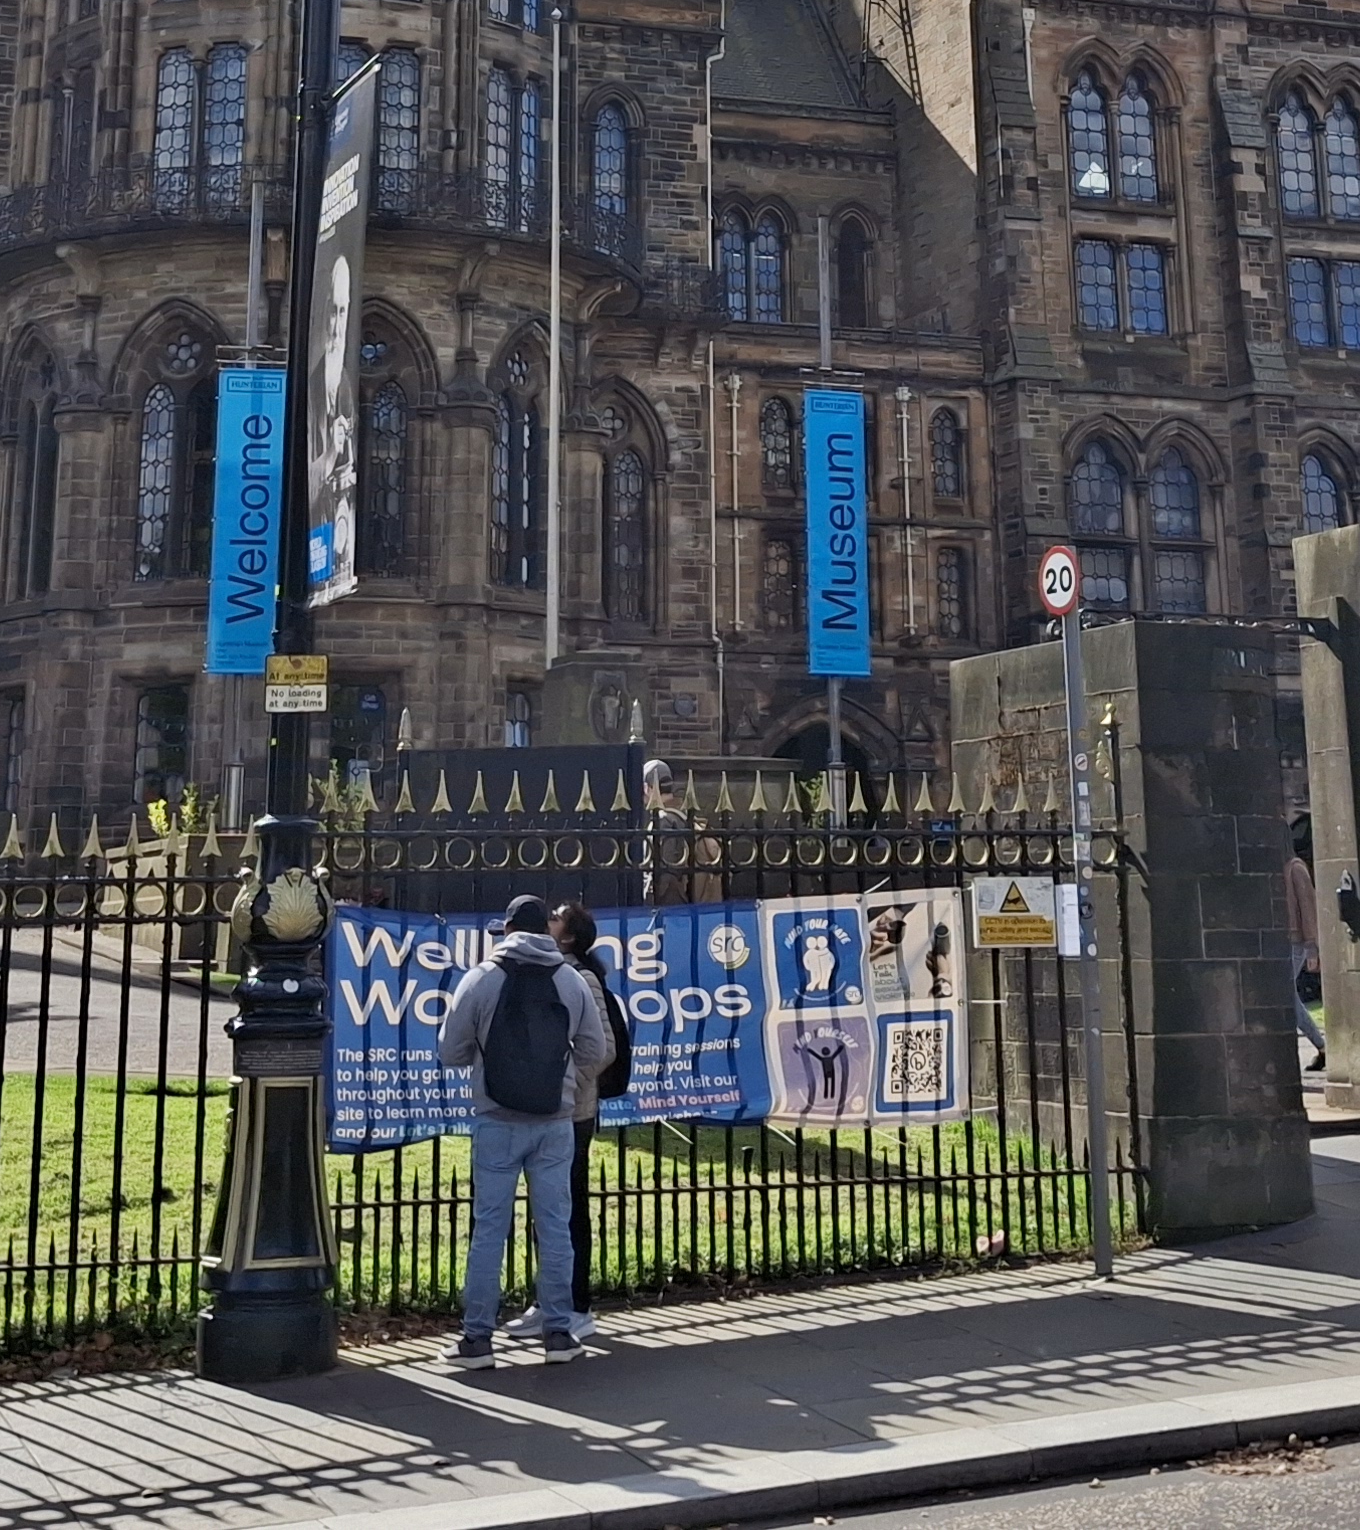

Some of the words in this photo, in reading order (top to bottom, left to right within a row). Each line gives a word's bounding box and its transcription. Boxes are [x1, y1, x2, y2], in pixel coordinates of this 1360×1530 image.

[225, 414, 273, 625] Welcome
[821, 433, 858, 631] Museum
[1045, 565, 1073, 595] 20
[269, 672, 280, 681] At
[283, 673, 300, 683] any
[302, 671, 325, 680] time
[269, 700, 278, 708] at
[282, 701, 300, 710] any
[302, 699, 323, 708] time
[271, 689, 285, 698] No
[288, 688, 322, 699] loading
[712, 935, 746, 954] src
[337, 1048, 364, 1062] The
[367, 1047, 397, 1062] SRC
[401, 1049, 433, 1062] runs
[631, 1041, 682, 1059] raining
[684, 1037, 741, 1054] sessions
[337, 1068, 352, 1083] to
[355, 1067, 388, 1085] help
[391, 1069, 419, 1085] you
[422, 1066, 455, 1085] gain
[634, 1061, 664, 1077] help
[667, 1059, 693, 1076] you
[337, 1086, 421, 1105] throughout
[423, 1088, 457, 1104] your
[628, 1077, 678, 1096] eyond.
[680, 1074, 711, 1089] Visit
[713, 1074, 738, 1087] our
[336, 1106, 364, 1121] site
[368, 1107, 383, 1120] to
[386, 1106, 425, 1120] learn
[428, 1107, 467, 1118] more
[638, 1095, 676, 1110] Mind
[677, 1089, 741, 1107] Yourself
[335, 1126, 367, 1139] and
[370, 1127, 397, 1139] our
+ + + + +
TASK GOAL:
Your answer must be the full set of entries, set down exactly and without pictures.

ANSWER BOX:
Some of the words in this photo, in reading order (top to bottom, left to right within a row). Each line gives a word's bounding box and its transcription. Boxes are [x1, y1, x2, y2], in pixel coordinates of this 1360×1530 image.

[225, 414, 273, 625] Welcome
[821, 433, 858, 631] Museum
[1045, 565, 1073, 595] 20
[269, 672, 280, 681] At
[283, 673, 300, 683] any
[302, 671, 325, 680] time
[269, 700, 278, 708] at
[282, 701, 300, 710] any
[302, 699, 323, 708] time
[271, 689, 285, 698] No
[288, 688, 322, 699] loading
[712, 935, 746, 954] src
[337, 1048, 364, 1062] The
[367, 1047, 397, 1062] SRC
[401, 1049, 433, 1062] runs
[631, 1041, 682, 1059] raining
[684, 1037, 741, 1054] sessions
[337, 1068, 352, 1083] to
[355, 1067, 388, 1085] help
[391, 1069, 419, 1085] you
[422, 1066, 455, 1085] gain
[634, 1061, 664, 1077] help
[667, 1059, 693, 1076] you
[337, 1086, 421, 1105] throughout
[423, 1088, 457, 1104] your
[628, 1077, 678, 1096] eyond.
[680, 1074, 711, 1089] Visit
[713, 1074, 738, 1087] our
[336, 1106, 364, 1121] site
[368, 1107, 383, 1120] to
[386, 1106, 425, 1120] learn
[428, 1107, 467, 1118] more
[638, 1095, 676, 1110] Mind
[677, 1089, 741, 1107] Yourself
[335, 1126, 367, 1139] and
[370, 1127, 397, 1139] our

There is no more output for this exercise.